▶ **TASK DIRECTIONS**
Restate each record below word for word, skipping images.

Records contained in a dataset:
:::::
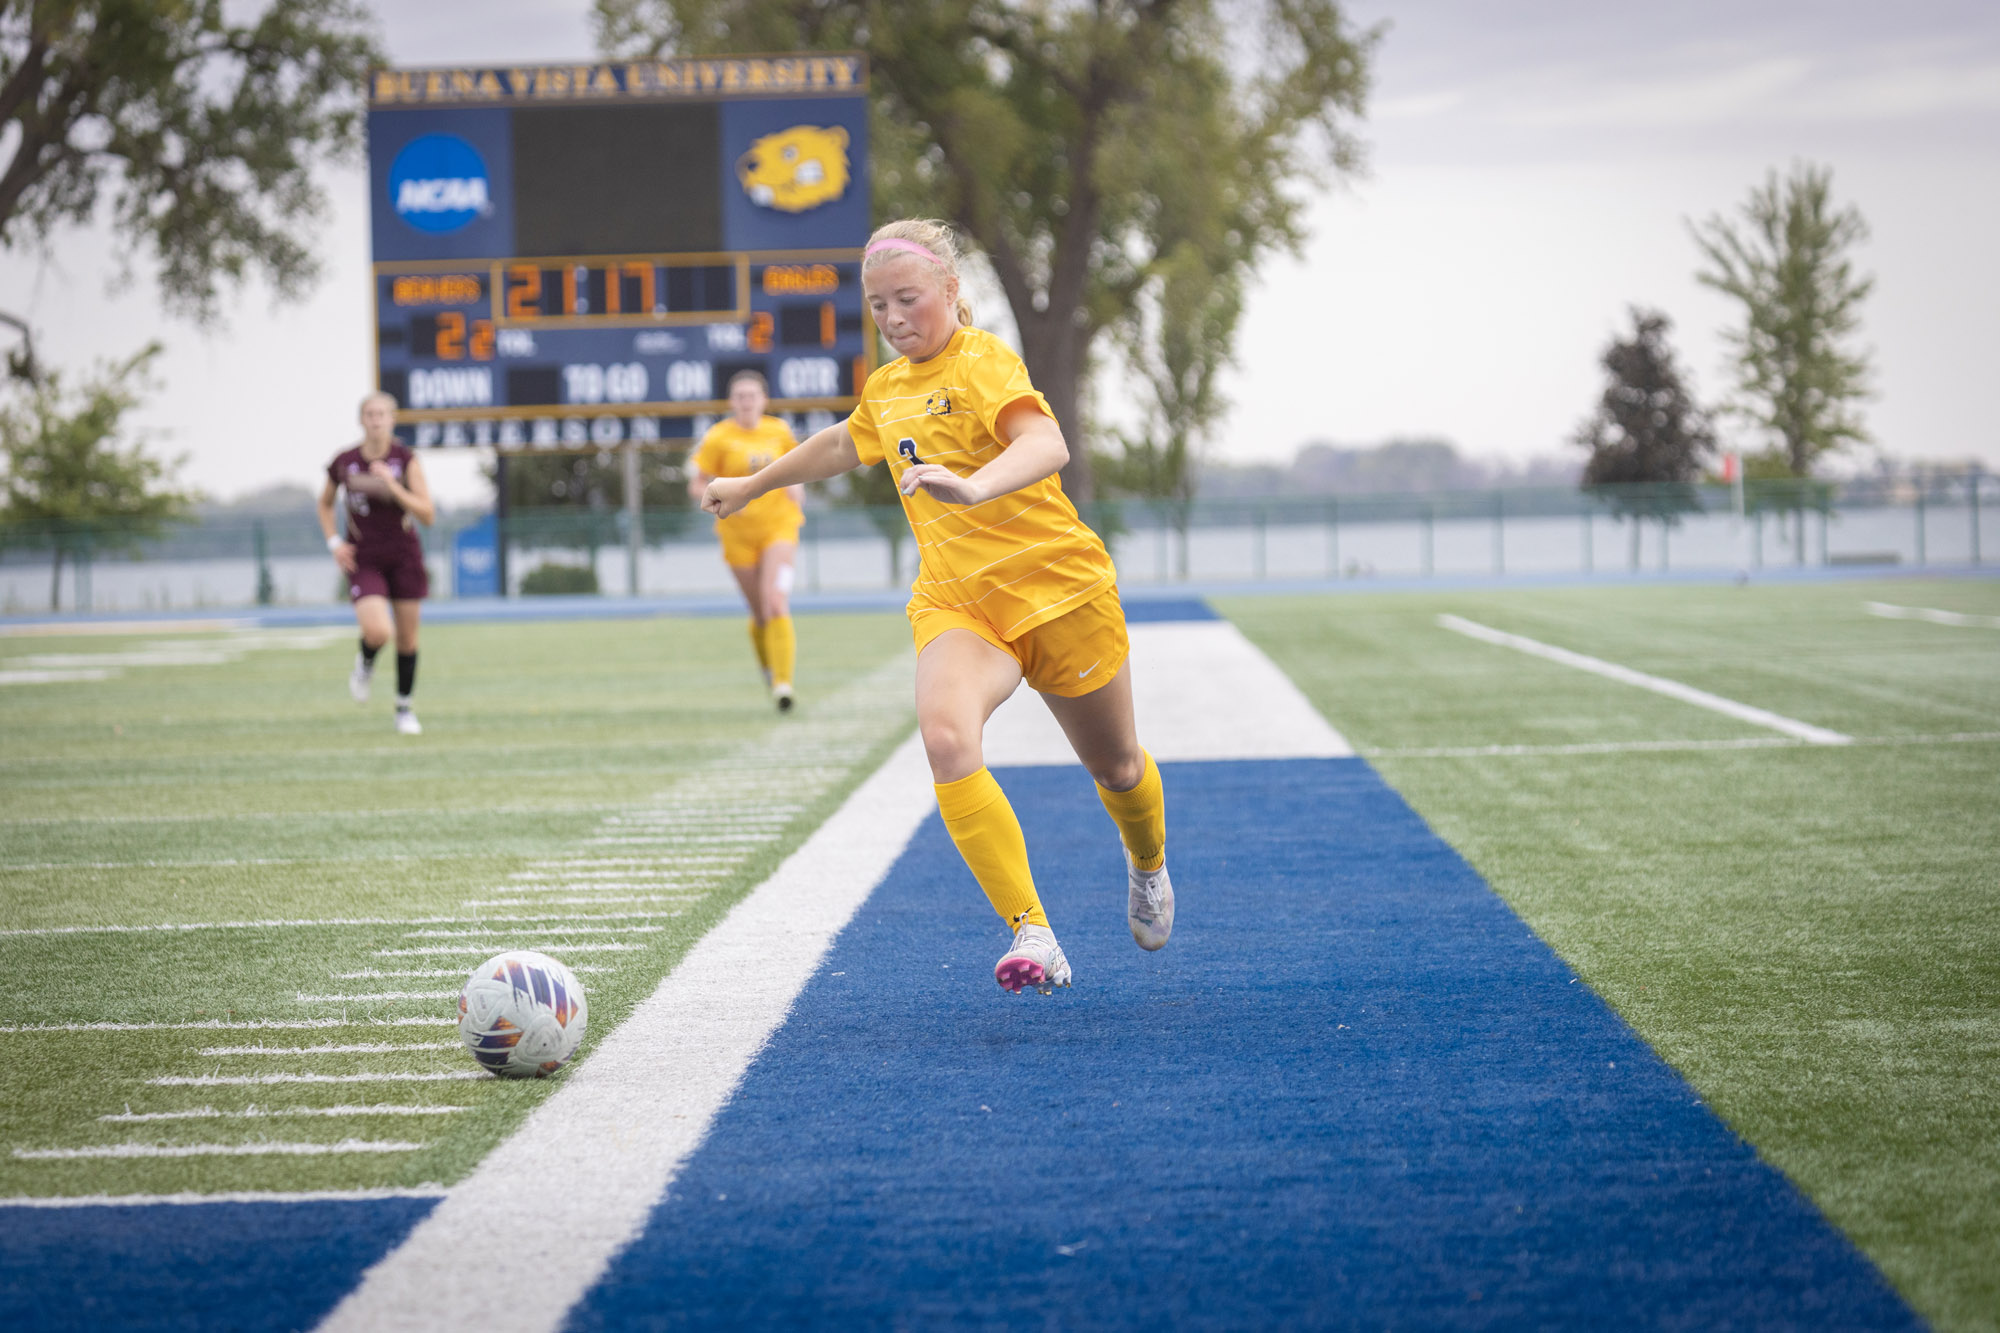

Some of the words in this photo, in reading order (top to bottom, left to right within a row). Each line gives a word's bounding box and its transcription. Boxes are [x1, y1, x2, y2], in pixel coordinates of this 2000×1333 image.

[374, 70, 502, 102] BUENA
[508, 66, 621, 99] VISTA
[626, 56, 859, 96] UNIVERSITY
[397, 177, 488, 214] NCAA
[747, 311, 774, 354] 2
[820, 302, 836, 349] 1
[409, 367, 493, 409] DOWN
[563, 363, 603, 404] TO
[606, 362, 648, 402] GO
[666, 360, 712, 400] ON
[779, 357, 839, 397] QTR
[415, 414, 660, 450] PETERSON
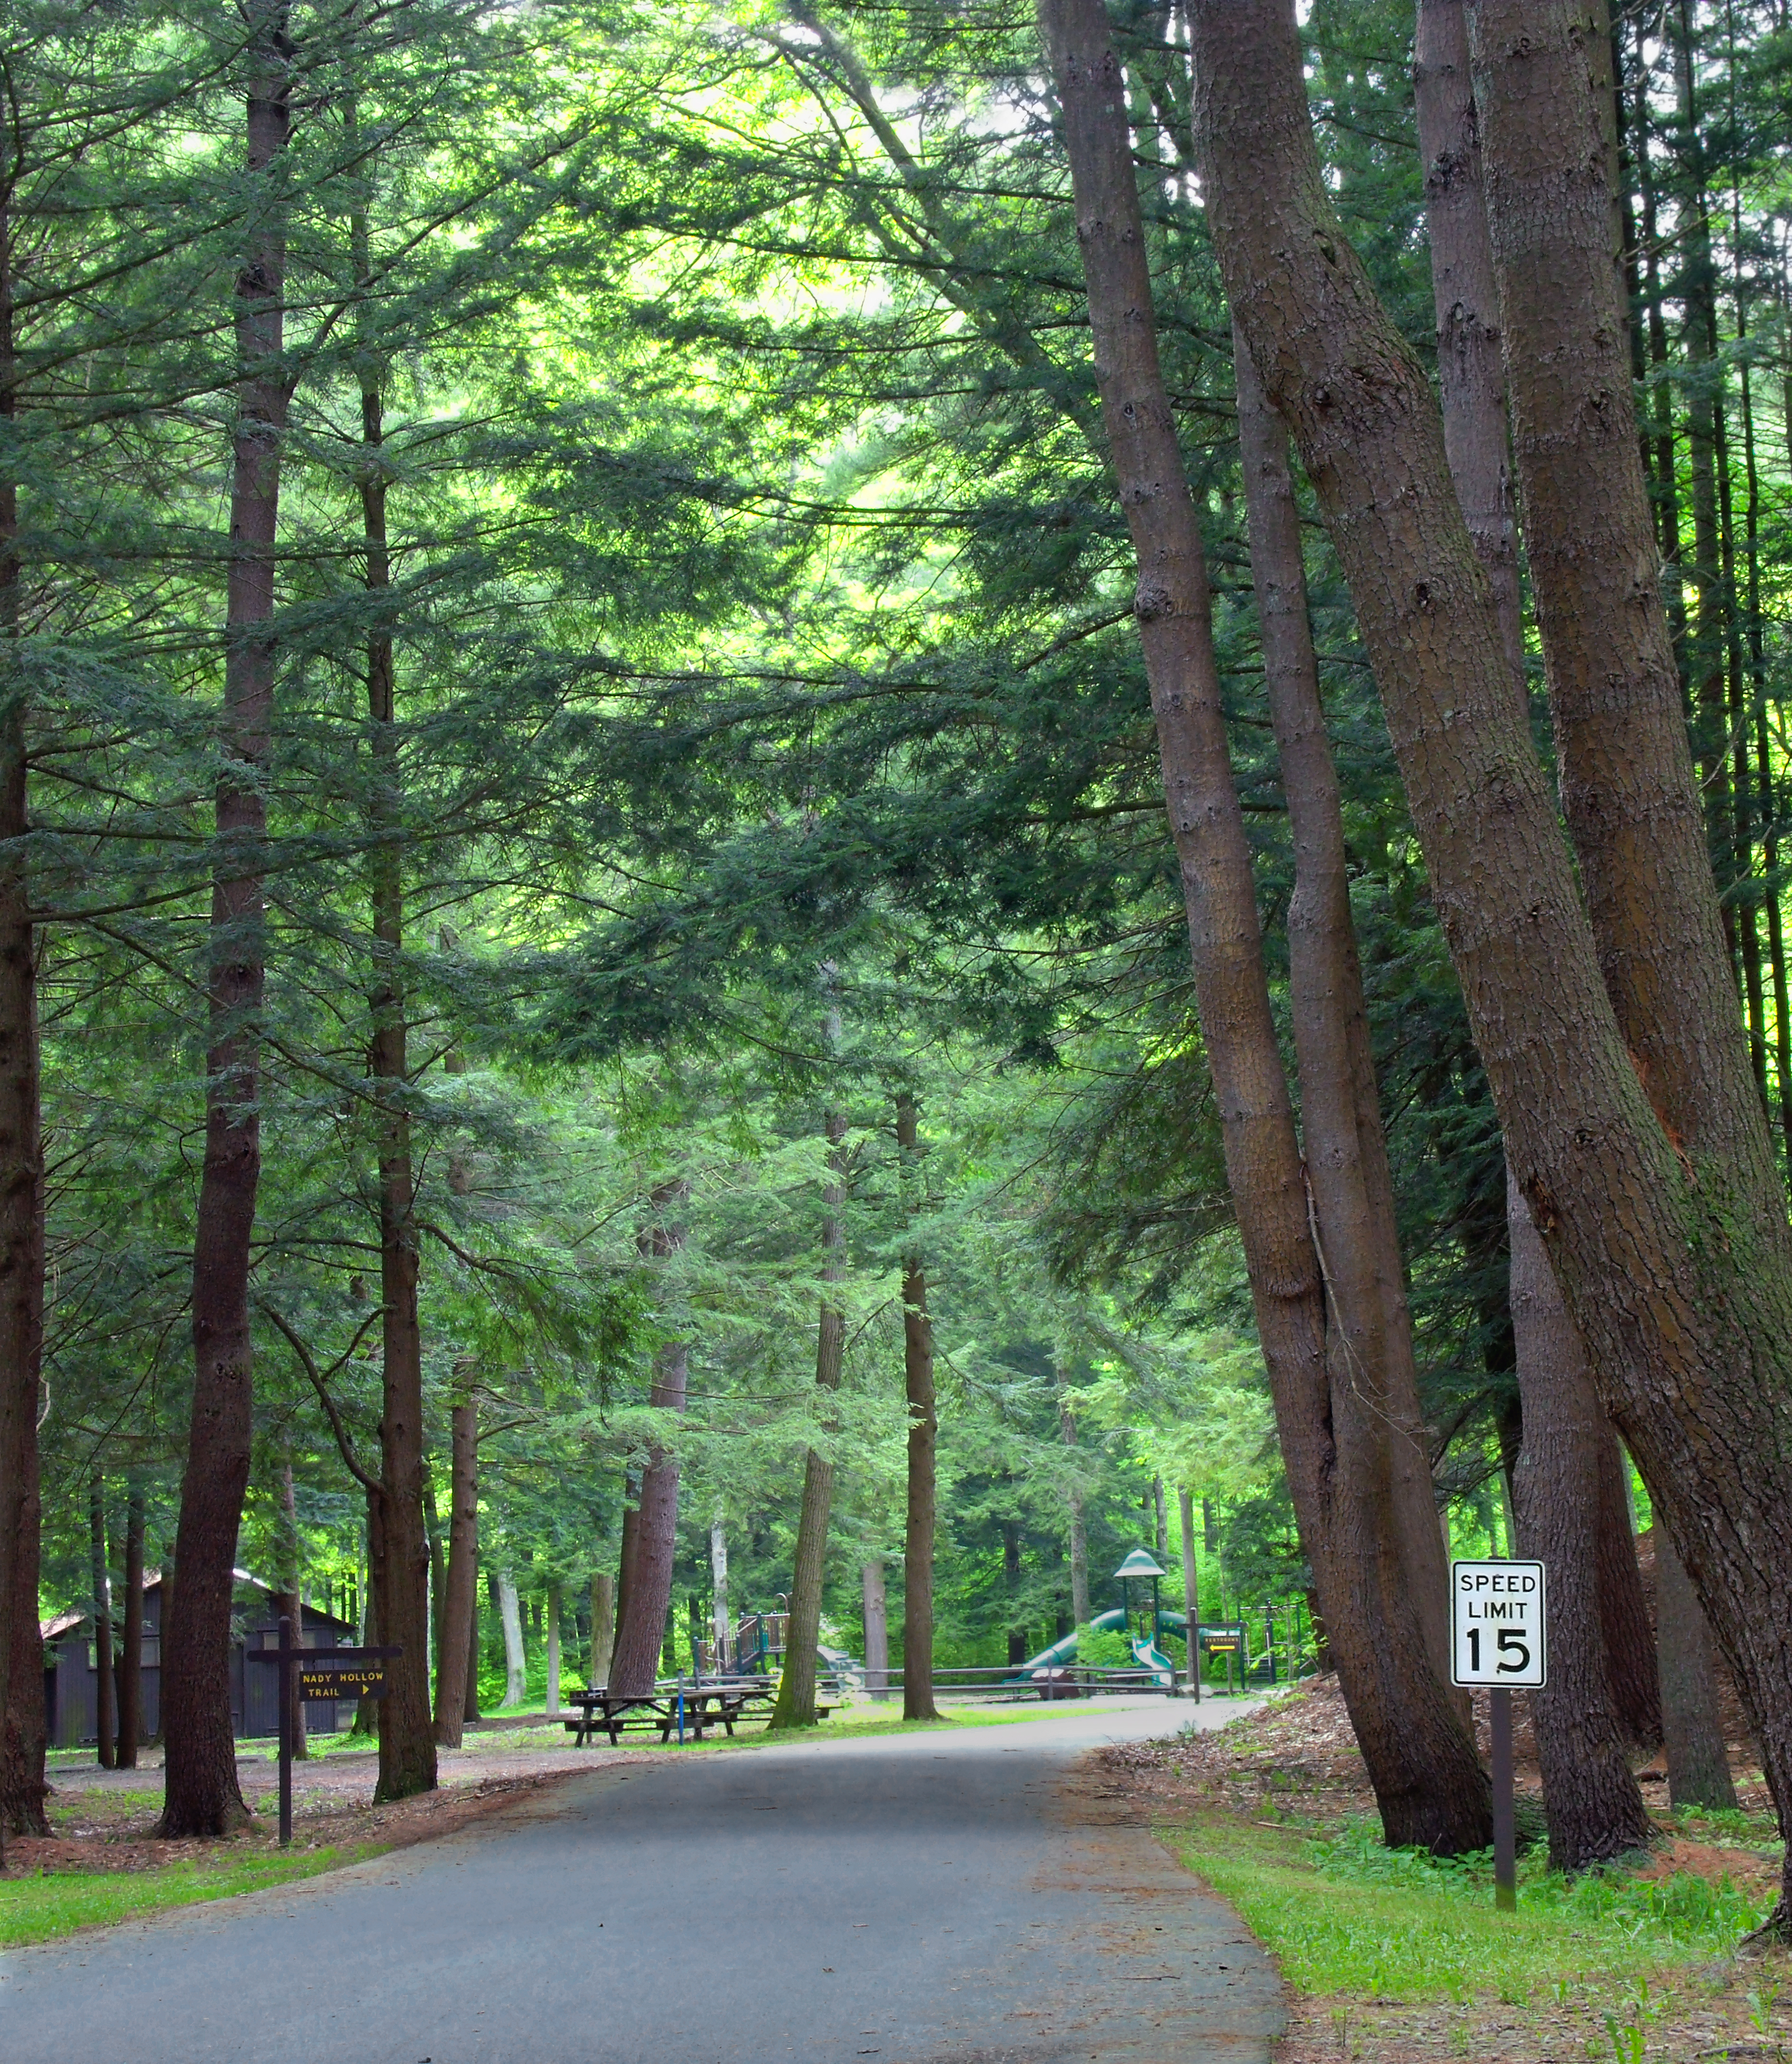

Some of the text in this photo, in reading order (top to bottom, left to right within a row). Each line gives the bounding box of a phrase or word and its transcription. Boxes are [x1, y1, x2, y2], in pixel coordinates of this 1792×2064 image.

[1460, 1574, 1536, 1592] SPEED
[1468, 1602, 1528, 1619] LIMIT
[1467, 1628, 1530, 1673] 15
[303, 1672, 383, 1683] NADY HOLLOW
[308, 1688, 339, 1697] TRAIL
:::::
▶ **EXERCISE OUTPUT**
Some of the words in this photo, in reading order (top to bottom, left to right within a row). Each line gives a word's bounding box and its transcription. Boxes are [x1, y1, x2, y2], in pixel coordinates of this 2000×1333 image.

[374, 70, 502, 102] BUENA
[508, 66, 621, 99] VISTA
[626, 56, 859, 96] UNIVERSITY
[397, 177, 488, 214] NCAA
[747, 311, 774, 354] 2
[820, 302, 836, 349] 1
[409, 367, 493, 409] DOWN
[563, 363, 603, 404] TO
[606, 362, 648, 402] GO
[666, 360, 712, 400] ON
[779, 357, 839, 397] QTR
[415, 414, 660, 450] PETERSON

Some of the text in this photo, in reading order (top to bottom, left to right within a row). Each line gives the bounding box of a phrase or word and its transcription. Boxes are [x1, y1, x2, y2], in pixel coordinates of this 1792×2064 image.

[1460, 1574, 1536, 1592] SPEED
[1468, 1602, 1528, 1619] LIMIT
[1467, 1628, 1530, 1673] 15
[303, 1672, 383, 1683] NADY HOLLOW
[308, 1688, 339, 1697] TRAIL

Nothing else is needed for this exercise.